- **WORK REQUEST**
Transcribe every entry below word for word, but skip the pictures.
%%
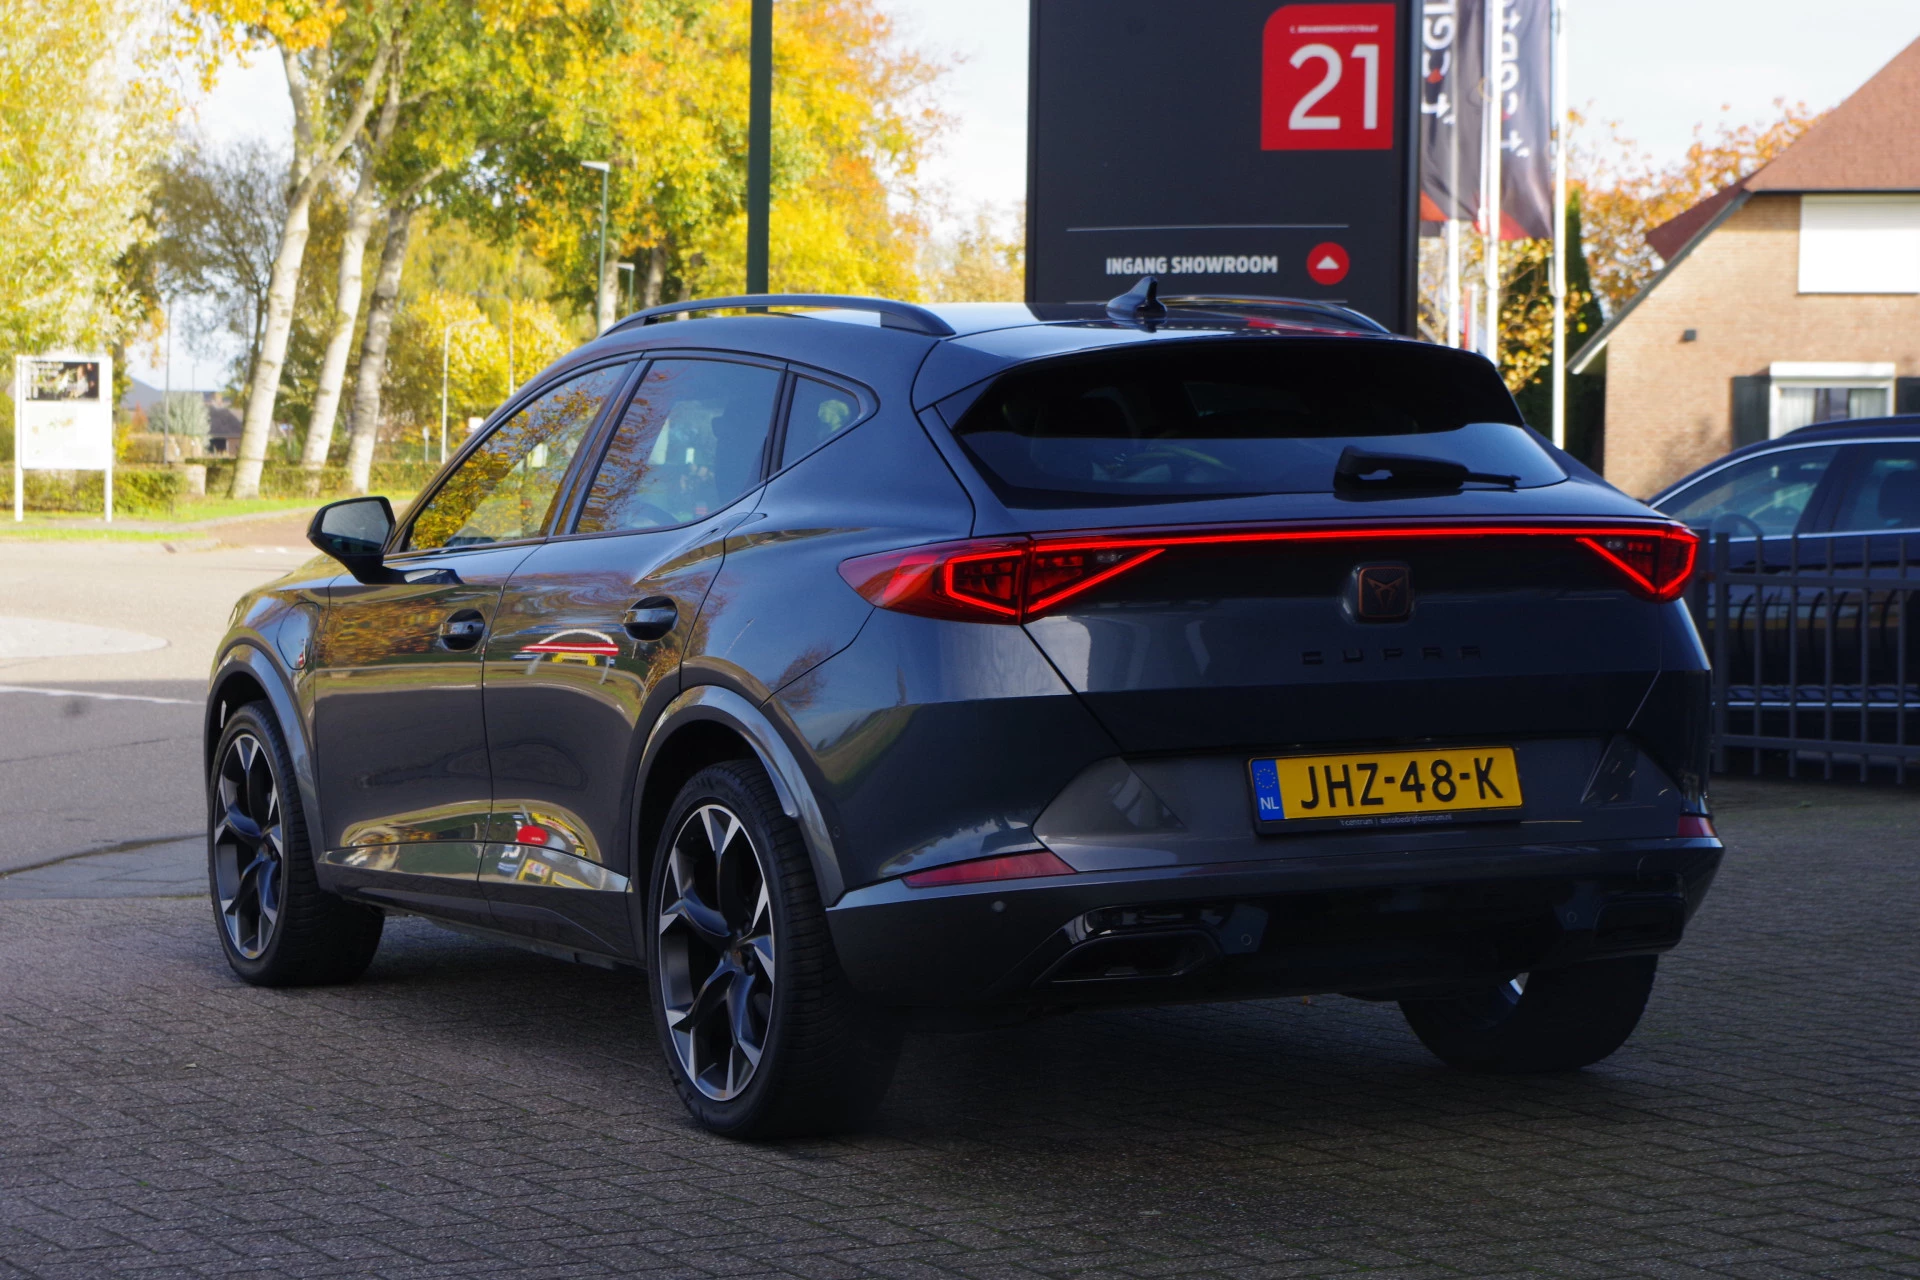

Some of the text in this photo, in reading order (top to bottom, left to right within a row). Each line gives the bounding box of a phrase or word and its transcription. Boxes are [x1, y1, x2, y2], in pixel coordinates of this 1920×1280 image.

[1288, 43, 1380, 131] 21
[1106, 255, 1279, 276] INGANG SHOWROOM
[1302, 645, 1481, 665] CUPRA
[1301, 757, 1504, 810] JHZ-48-K
[1260, 797, 1280, 811] NL
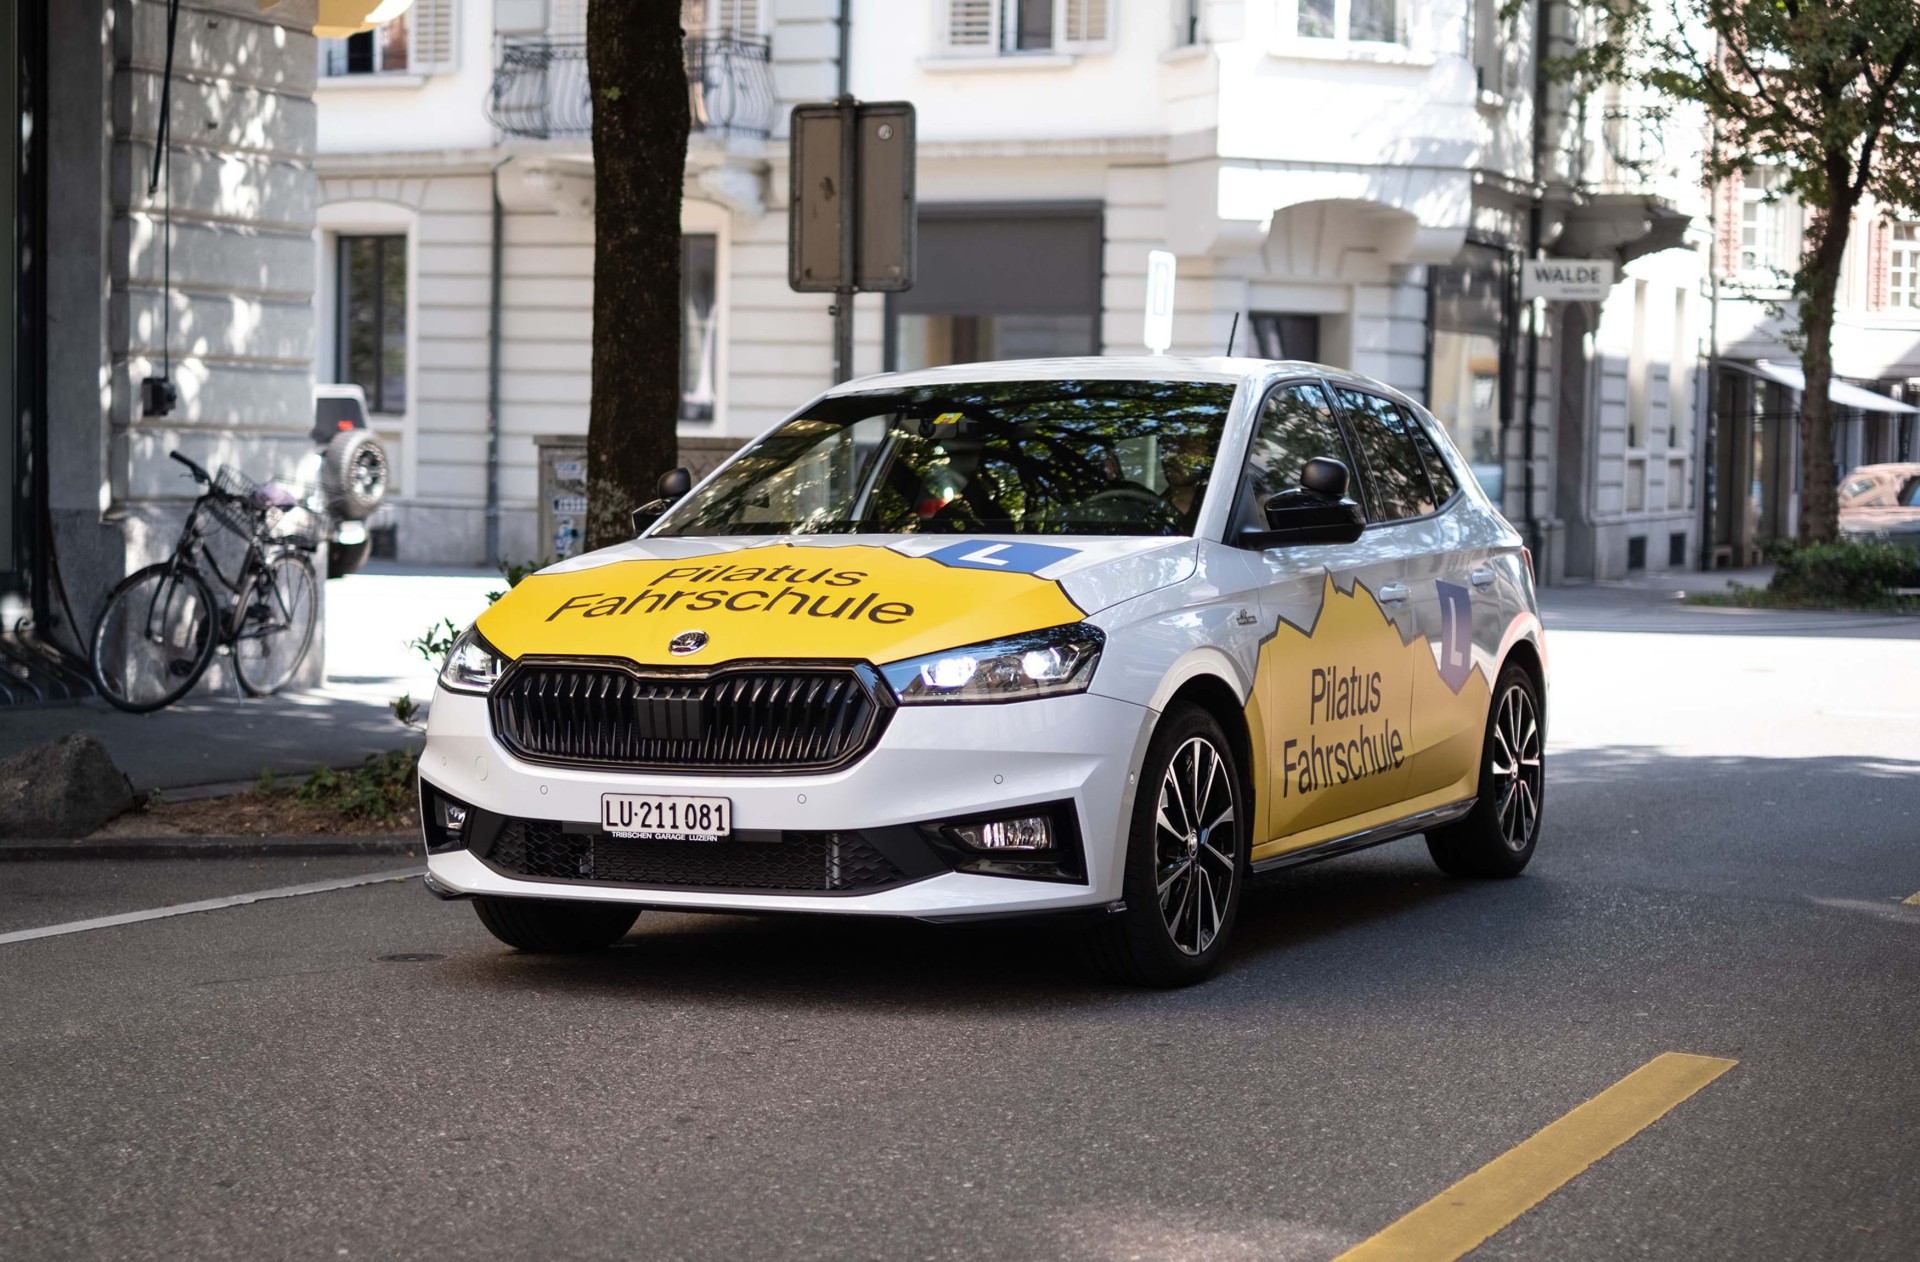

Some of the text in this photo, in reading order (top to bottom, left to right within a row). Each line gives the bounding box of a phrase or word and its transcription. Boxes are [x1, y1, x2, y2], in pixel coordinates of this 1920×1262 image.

[1535, 266, 1602, 284] WALDE
[957, 543, 1014, 566] L
[648, 565, 869, 587] Pilatus
[545, 587, 915, 624] Fahrschule
[1448, 596, 1464, 667] L
[1310, 666, 1382, 725] Pilatus
[1283, 718, 1405, 798] Fahrschule
[612, 831, 718, 842] TRIBSCHEN GARAGE LUZERN
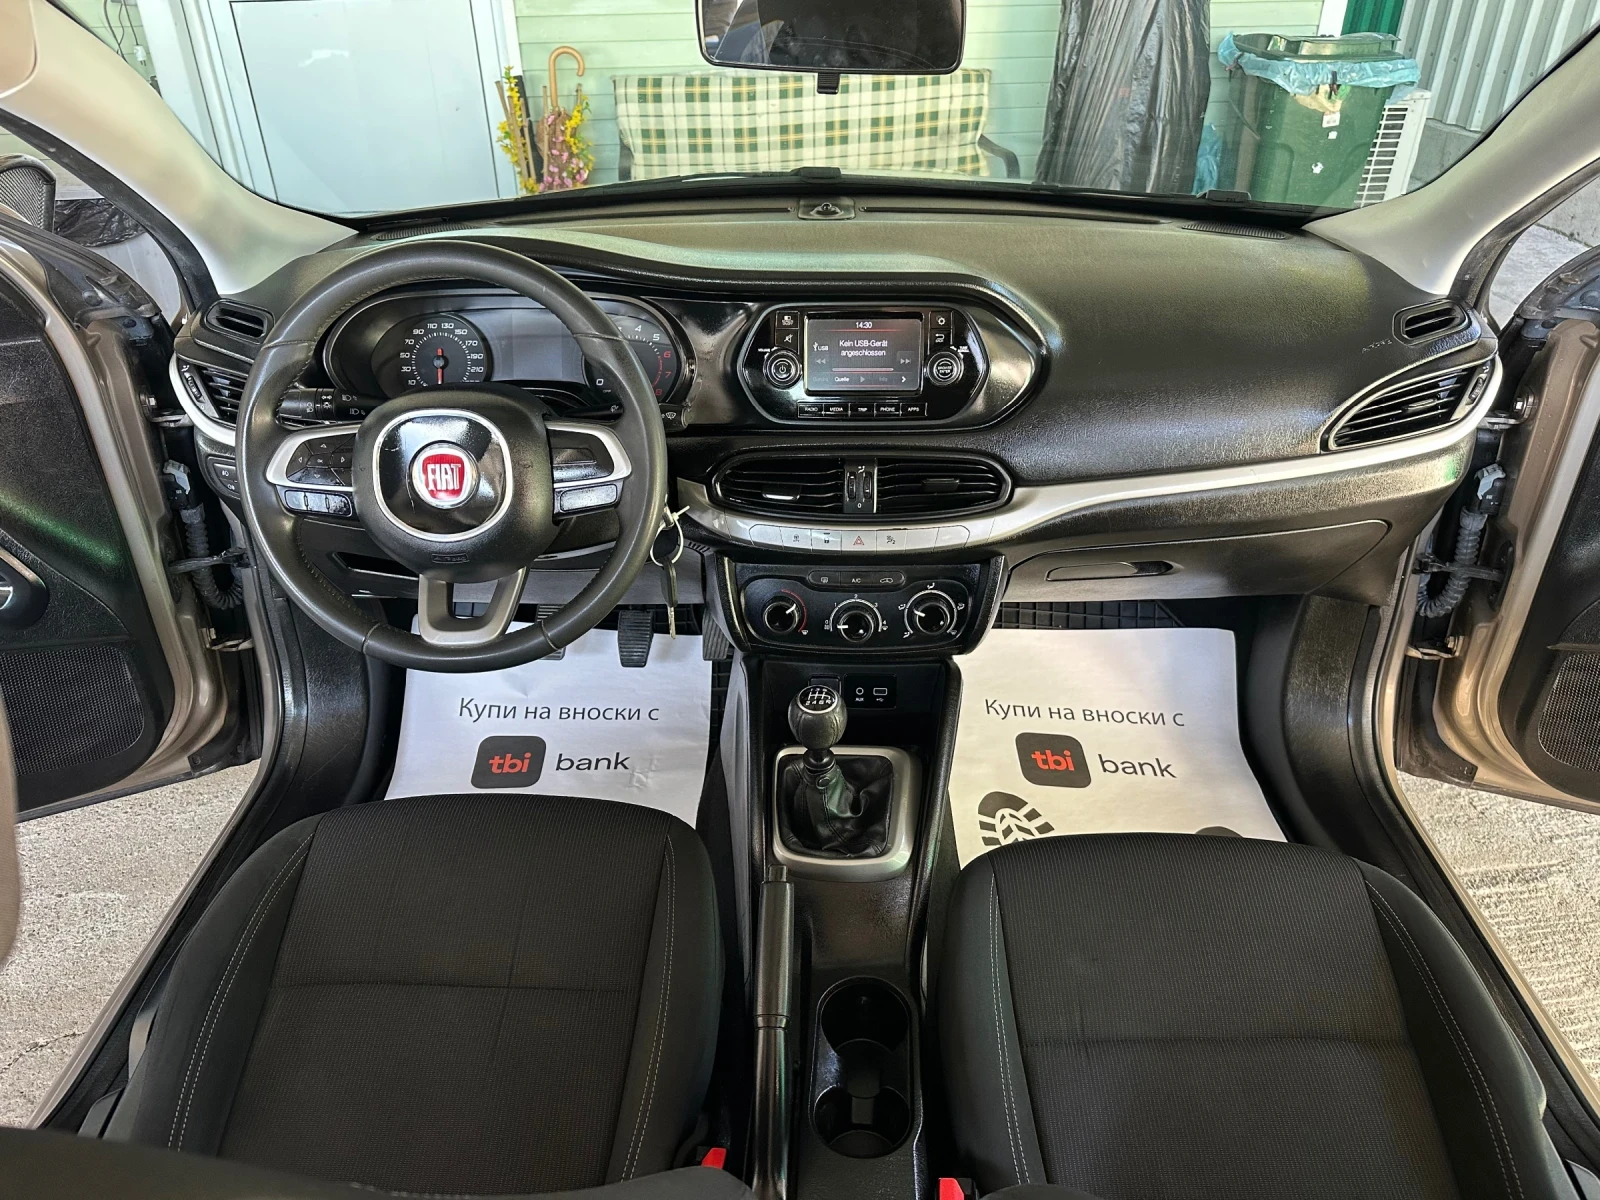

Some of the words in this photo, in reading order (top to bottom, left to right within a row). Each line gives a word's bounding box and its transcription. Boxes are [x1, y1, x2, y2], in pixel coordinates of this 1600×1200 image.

[634, 324, 642, 332] 4
[652, 333, 660, 341] 5
[855, 321, 873, 329] 14:30
[427, 463, 461, 490] FIAT
[458, 697, 517, 723] Купи
[524, 705, 551, 720] на
[558, 706, 641, 721] вноски
[648, 708, 660, 721] с
[984, 698, 1041, 720] Купи
[1048, 706, 1075, 721] на
[1083, 708, 1166, 726] вноски
[1172, 712, 1185, 727] с
[488, 752, 532, 774] tbi
[555, 752, 631, 772] bank
[1031, 749, 1075, 772] tbi
[1097, 753, 1177, 778] bank
%%
- **THE ANSWER**
Some of the text in this photo, in reading order (top to bottom, left to right within a row). Each line gives the bounding box of a phrase or word and its transcription. Boxes are [x1, y1, x2, y2], in pixel coordinates of this 1920×1280 image.

[1288, 43, 1380, 131] 21
[1106, 255, 1279, 276] INGANG SHOWROOM
[1302, 645, 1481, 665] CUPRA
[1301, 757, 1504, 810] JHZ-48-K
[1260, 797, 1280, 811] NL

Some of the text in this photo, in reading order (top to bottom, left to right within a row). Each line gives the bounding box of a phrase or word and its transcription. Boxes are [x1, y1, x2, y2], in pixel coordinates of this 1920×1262 image.

[1535, 266, 1602, 284] WALDE
[957, 543, 1014, 566] L
[648, 565, 869, 587] Pilatus
[545, 587, 915, 624] Fahrschule
[1448, 596, 1464, 667] L
[1310, 666, 1382, 725] Pilatus
[1283, 718, 1405, 798] Fahrschule
[612, 831, 718, 842] TRIBSCHEN GARAGE LUZERN

Some of the words in this photo, in reading order (top to bottom, left to right within a row). Each line gives a word's bounding box and its transcription. Boxes are [x1, y1, x2, y2], in pixel coordinates of this 1600×1200 image.

[634, 324, 642, 332] 4
[652, 333, 660, 341] 5
[855, 321, 873, 329] 14:30
[427, 463, 461, 490] FIAT
[458, 697, 517, 723] Купи
[524, 705, 551, 720] на
[558, 706, 641, 721] вноски
[648, 708, 660, 721] с
[984, 698, 1041, 720] Купи
[1048, 706, 1075, 721] на
[1083, 708, 1166, 726] вноски
[1172, 712, 1185, 727] с
[488, 752, 532, 774] tbi
[555, 752, 631, 772] bank
[1031, 749, 1075, 772] tbi
[1097, 753, 1177, 778] bank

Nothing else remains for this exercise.